• TASK DETAILS
An exact repetition of the records is required. Leave nothing out.

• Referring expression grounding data
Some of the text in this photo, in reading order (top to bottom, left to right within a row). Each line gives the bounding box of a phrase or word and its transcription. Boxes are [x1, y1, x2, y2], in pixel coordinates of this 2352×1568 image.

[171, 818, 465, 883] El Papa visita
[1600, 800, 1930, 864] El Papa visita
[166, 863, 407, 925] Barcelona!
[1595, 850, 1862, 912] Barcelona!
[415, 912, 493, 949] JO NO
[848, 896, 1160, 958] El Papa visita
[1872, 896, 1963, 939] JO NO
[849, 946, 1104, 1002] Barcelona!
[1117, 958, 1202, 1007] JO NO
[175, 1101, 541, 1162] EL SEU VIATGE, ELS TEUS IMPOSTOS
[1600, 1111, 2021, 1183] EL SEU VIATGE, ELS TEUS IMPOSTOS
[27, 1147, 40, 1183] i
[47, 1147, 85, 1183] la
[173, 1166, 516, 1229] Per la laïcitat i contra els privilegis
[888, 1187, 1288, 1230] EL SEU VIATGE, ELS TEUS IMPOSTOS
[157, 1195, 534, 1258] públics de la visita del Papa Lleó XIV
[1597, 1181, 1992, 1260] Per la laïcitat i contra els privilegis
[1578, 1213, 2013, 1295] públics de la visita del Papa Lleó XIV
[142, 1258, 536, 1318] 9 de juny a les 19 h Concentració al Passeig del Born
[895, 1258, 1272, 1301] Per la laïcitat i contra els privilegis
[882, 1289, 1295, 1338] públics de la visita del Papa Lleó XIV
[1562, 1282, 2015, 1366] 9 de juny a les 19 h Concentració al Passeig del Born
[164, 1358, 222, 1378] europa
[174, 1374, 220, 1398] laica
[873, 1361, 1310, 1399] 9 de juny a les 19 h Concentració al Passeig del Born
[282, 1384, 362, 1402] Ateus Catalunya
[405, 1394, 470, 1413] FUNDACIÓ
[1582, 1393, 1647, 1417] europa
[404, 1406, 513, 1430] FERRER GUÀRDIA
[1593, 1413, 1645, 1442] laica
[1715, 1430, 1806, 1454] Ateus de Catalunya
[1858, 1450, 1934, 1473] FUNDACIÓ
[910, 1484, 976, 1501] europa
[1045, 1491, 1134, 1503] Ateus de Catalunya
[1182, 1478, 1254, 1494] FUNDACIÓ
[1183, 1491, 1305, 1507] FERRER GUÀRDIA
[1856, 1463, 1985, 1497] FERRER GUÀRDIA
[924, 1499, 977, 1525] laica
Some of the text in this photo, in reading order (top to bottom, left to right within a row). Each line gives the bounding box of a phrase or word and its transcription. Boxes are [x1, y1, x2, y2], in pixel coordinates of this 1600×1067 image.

• RESPONSE AREA
Some of the text in this photo, in reading order (top to bottom, left to right within a row). Each line gives the bounding box of a phrase or word and its transcription. Boxes are [x1, y1, x2, y2], in pixel coordinates of this 2352×1568 image.

[171, 818, 465, 883] El Papa visita
[1600, 800, 1930, 864] El Papa visita
[166, 863, 407, 925] Barcelona!
[1595, 850, 1862, 912] Barcelona!
[415, 912, 493, 949] JO NO
[848, 896, 1160, 958] El Papa visita
[1872, 896, 1963, 939] JO NO
[849, 946, 1104, 1002] Barcelona!
[1117, 958, 1202, 1007] JO NO
[175, 1101, 541, 1162] EL SEU VIATGE, ELS TEUS IMPOSTOS
[1600, 1111, 2021, 1183] EL SEU VIATGE, ELS TEUS IMPOSTOS
[27, 1147, 40, 1183] i
[47, 1147, 85, 1183] la
[173, 1166, 516, 1229] Per la laïcitat i contra els privilegis
[888, 1187, 1288, 1230] EL SEU VIATGE, ELS TEUS IMPOSTOS
[157, 1195, 534, 1258] públics de la visita del Papa Lleó XIV
[1597, 1181, 1992, 1260] Per la laïcitat i contra els privilegis
[1578, 1213, 2013, 1295] públics de la visita del Papa Lleó XIV
[142, 1258, 536, 1318] 9 de juny a les 19 h Concentració al Passeig del Born
[895, 1258, 1272, 1301] Per la laïcitat i contra els privilegis
[882, 1289, 1295, 1338] públics de la visita del Papa Lleó XIV
[1562, 1282, 2015, 1366] 9 de juny a les 19 h Concentració al Passeig del Born
[164, 1358, 222, 1378] europa
[174, 1374, 220, 1398] laica
[873, 1361, 1310, 1399] 9 de juny a les 19 h Concentració al Passeig del Born
[282, 1384, 362, 1402] Ateus Catalunya
[405, 1394, 470, 1413] FUNDACIÓ
[1582, 1393, 1647, 1417] europa
[404, 1406, 513, 1430] FERRER GUÀRDIA
[1593, 1413, 1645, 1442] laica
[1715, 1430, 1806, 1454] Ateus de Catalunya
[1858, 1450, 1934, 1473] FUNDACIÓ
[910, 1484, 976, 1501] europa
[1045, 1491, 1134, 1503] Ateus de Catalunya
[1182, 1478, 1254, 1494] FUNDACIÓ
[1183, 1491, 1305, 1507] FERRER GUÀRDIA
[1856, 1463, 1985, 1497] FERRER GUÀRDIA
[924, 1499, 977, 1525] laica
Some of the text in this photo, in reading order (top to bottom, left to right within a row). Each line gives the bounding box of a phrase or word and its transcription. Boxes are [x1, y1, x2, y2], in pixel coordinates of this 1600×1067 image.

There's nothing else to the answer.